I can tell that I’m missing my family when I keep pulling out comforting dishes with flavors that remind me of home. The approaching holidays make me miss them even more, as it has been far too long since we’ve been in a position to celebrate together. This year will be no different. Like many of you, we’re dialing back our spending, keeping things low-key for the holidays as well as in our day-to-day lives.

lunchtime

I took a personal day on Thursday, a day to recharge my batteries a bit, handle a few errands and to relax at home. We took the bus out to Pawtucket for part of the day, with a stop at LJ’s BBQ for lunch on the way back in, but before we headed out, I made us breakfast. It’s such a treat to have breakfast at home during the week, and since we had the last of a package of tortillas to use up, I made migas.

migas

They may not look like much, but they’re one of my favorite things in the world – little bits of tortilla, fried up with seasonings (I used a bit of leftover enchilada sauce I had made previously), and scrambled with eggs until the whole mess is soft and creamy and bound together. Give it a little hit of grated cheese, and you’ve got pure comfort on a plate.

browning

Dinner was my latest version of a pork and hominy stew, which I think might have been my favorite yet.

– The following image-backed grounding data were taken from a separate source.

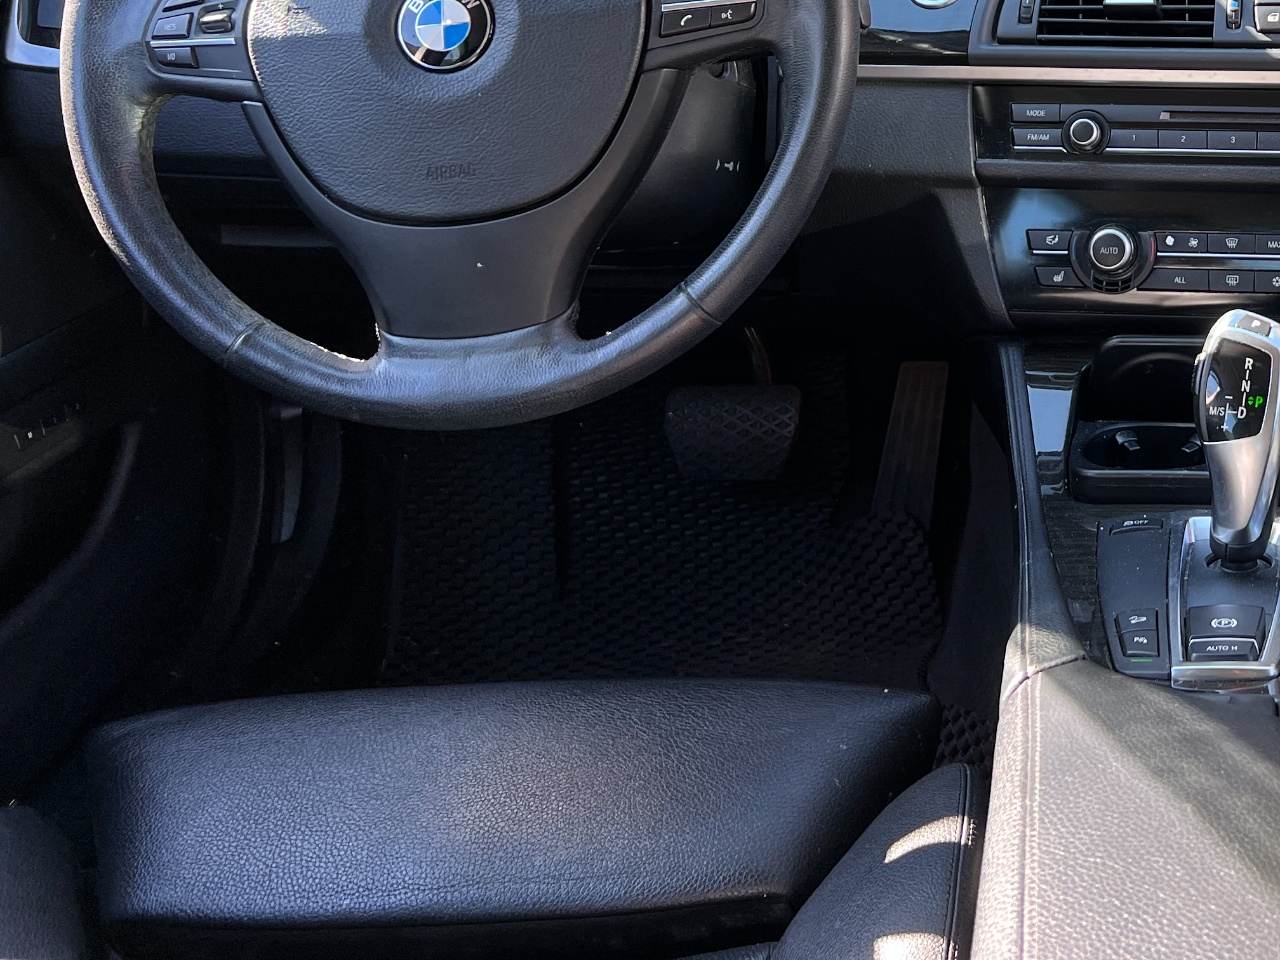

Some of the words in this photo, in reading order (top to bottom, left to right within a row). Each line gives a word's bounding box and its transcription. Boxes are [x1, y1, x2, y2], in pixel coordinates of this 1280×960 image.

[163, 22, 177, 31] RES
[1026, 109, 1046, 117] MODE
[1027, 133, 1050, 141] FM/AM
[1132, 134, 1136, 142] 1
[1180, 135, 1186, 143] 2
[1230, 136, 1236, 144] 3
[424, 163, 478, 181] AIRBAG
[1100, 246, 1119, 255] AUTO
[1174, 276, 1186, 284] ALL
[1251, 319, 1261, 328] P
[1244, 358, 1254, 370] R
[1241, 380, 1251, 392] N
[1255, 396, 1264, 408] P
[1209, 406, 1225, 416] M/S
[1237, 406, 1247, 419] D
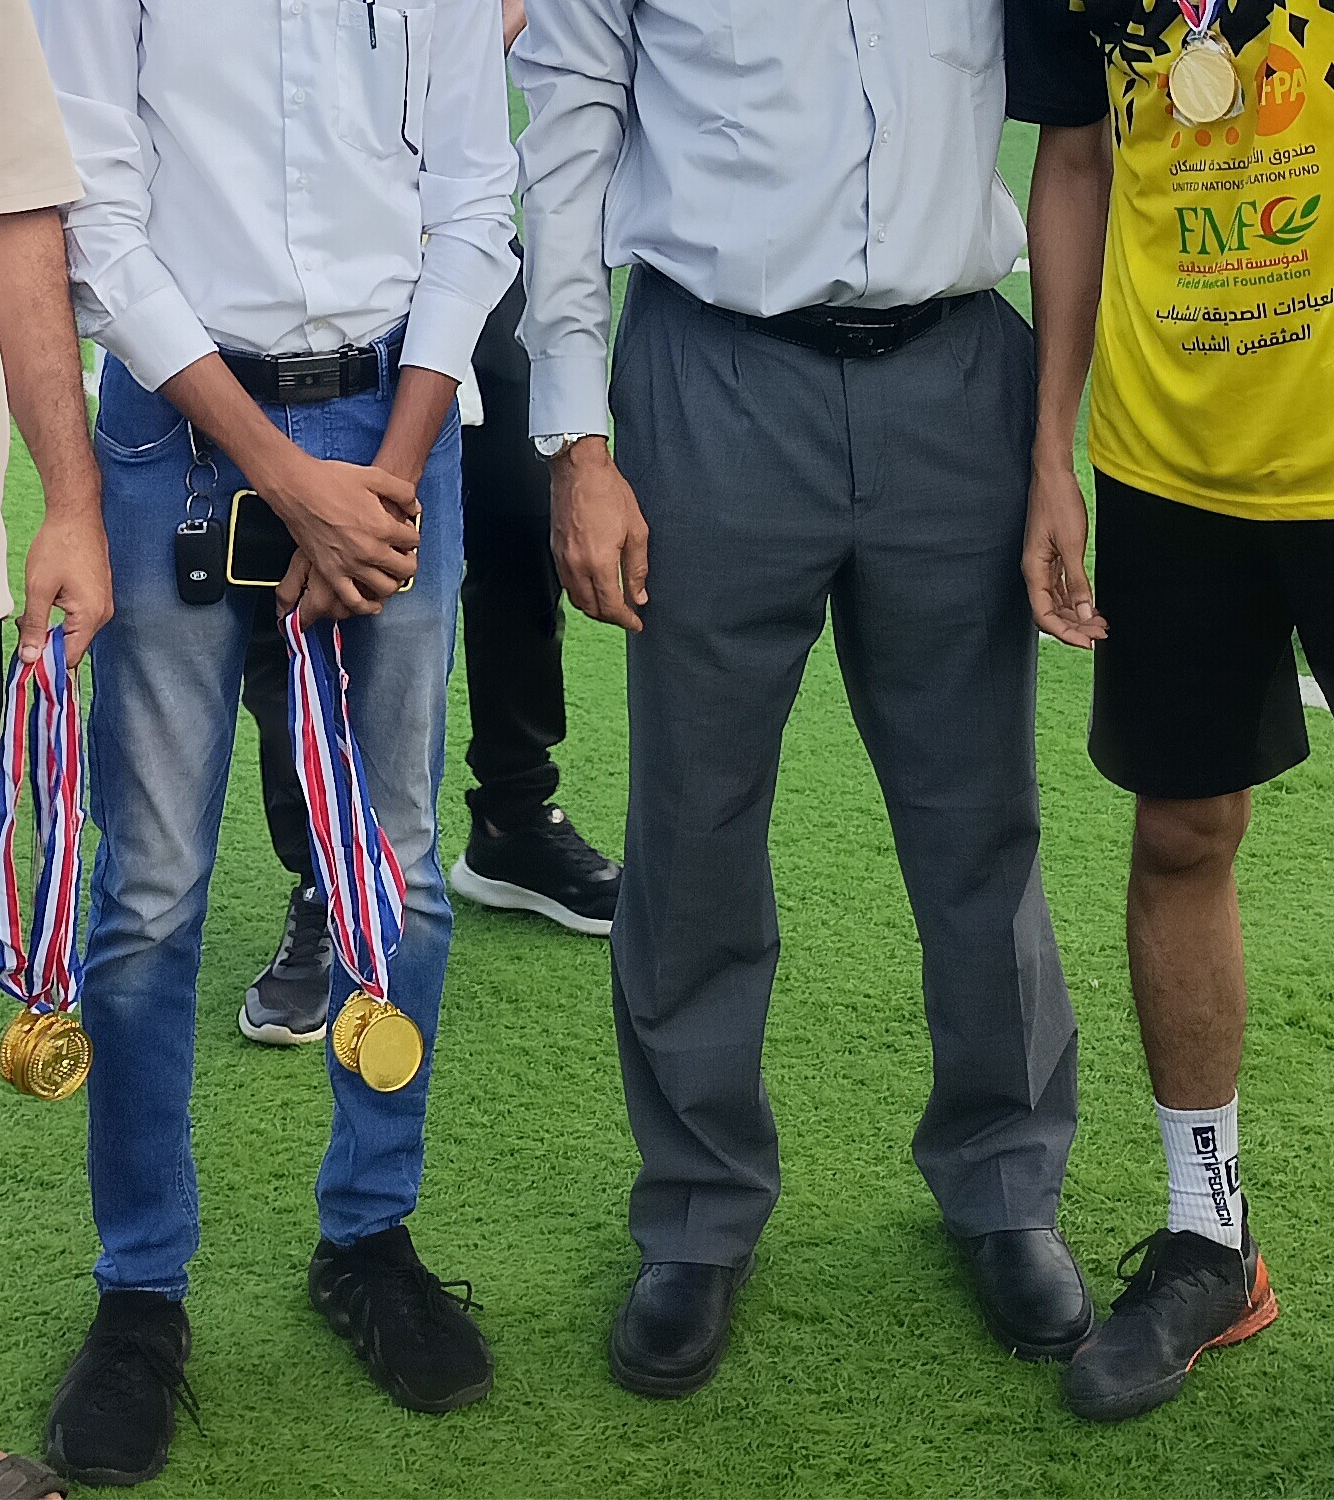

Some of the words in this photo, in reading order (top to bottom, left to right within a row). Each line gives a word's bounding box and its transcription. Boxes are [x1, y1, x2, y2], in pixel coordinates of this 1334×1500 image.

[1268, 143, 1316, 165] صندوق
[1288, 164, 1320, 178] FUND
[1245, 249, 1309, 269] المؤسسة
[1233, 267, 1311, 288] Foundation
[1156, 304, 1202, 325] للشباب
[1202, 302, 1268, 326] الصديقة
[1181, 334, 1230, 355] الشباب
[1236, 323, 1312, 356] المثقفين

We had a pork shoulder from Pat that Mike divided up to be used over a few meals, so we portioned out a bit for the stew, cutting it into chunks and letting the meat sit in a bit of a dry rub of chipotle powder, salt, cumin and Mexican Oregano from Rancho Gordo.

Also from Rancho Gordo, the hominy – this was my first time cooking with the dried kernels, and though the process is time-consuming, the resulting flavor and texture are totally worth it (and since we had soaked and cooked an entire pound of it, we have plenty of prepared hominy portioned out in bags in the freezer for future meals).

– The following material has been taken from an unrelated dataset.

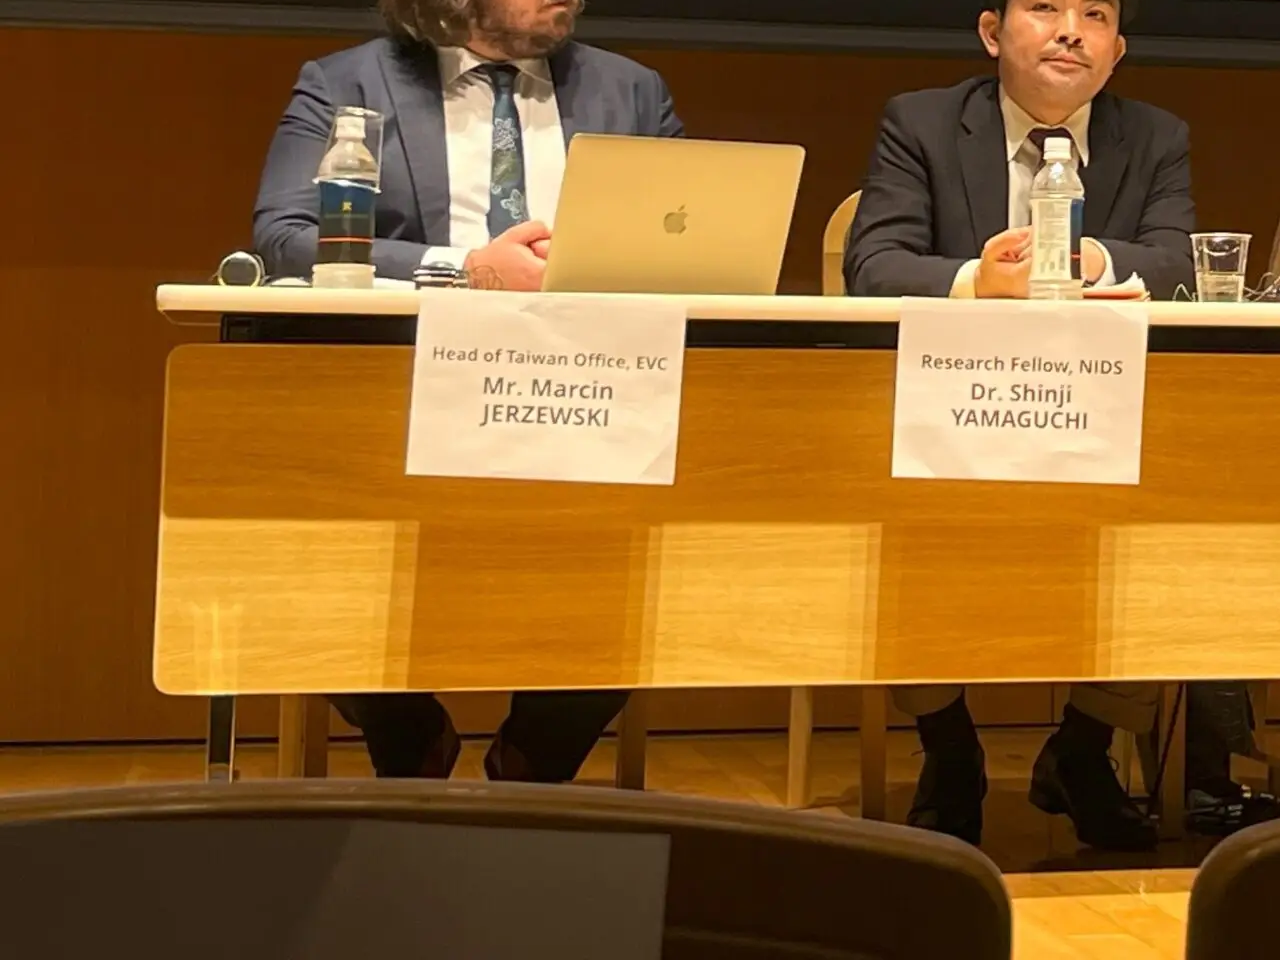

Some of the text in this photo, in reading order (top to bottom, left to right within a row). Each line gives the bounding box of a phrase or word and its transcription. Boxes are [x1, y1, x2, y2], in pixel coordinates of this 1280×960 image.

Dinner:  December 18, 2008

I browned the meat in a little rendered fatback (also from Pat) to boost its porky flavor, then added plenty of chopped onion, a couple of fat garlic cloves, a puree of roasted tomatillos and poblano peppers, and some of our homemade chicken stock. I added a little more salt, cumin and oregano, squeezed in some fresh lime juice for balance, then finally stirred in a couple of cups of the cooked hominy for the last half-hour of so of cooking.

clean plate club

I think you could say it was a success.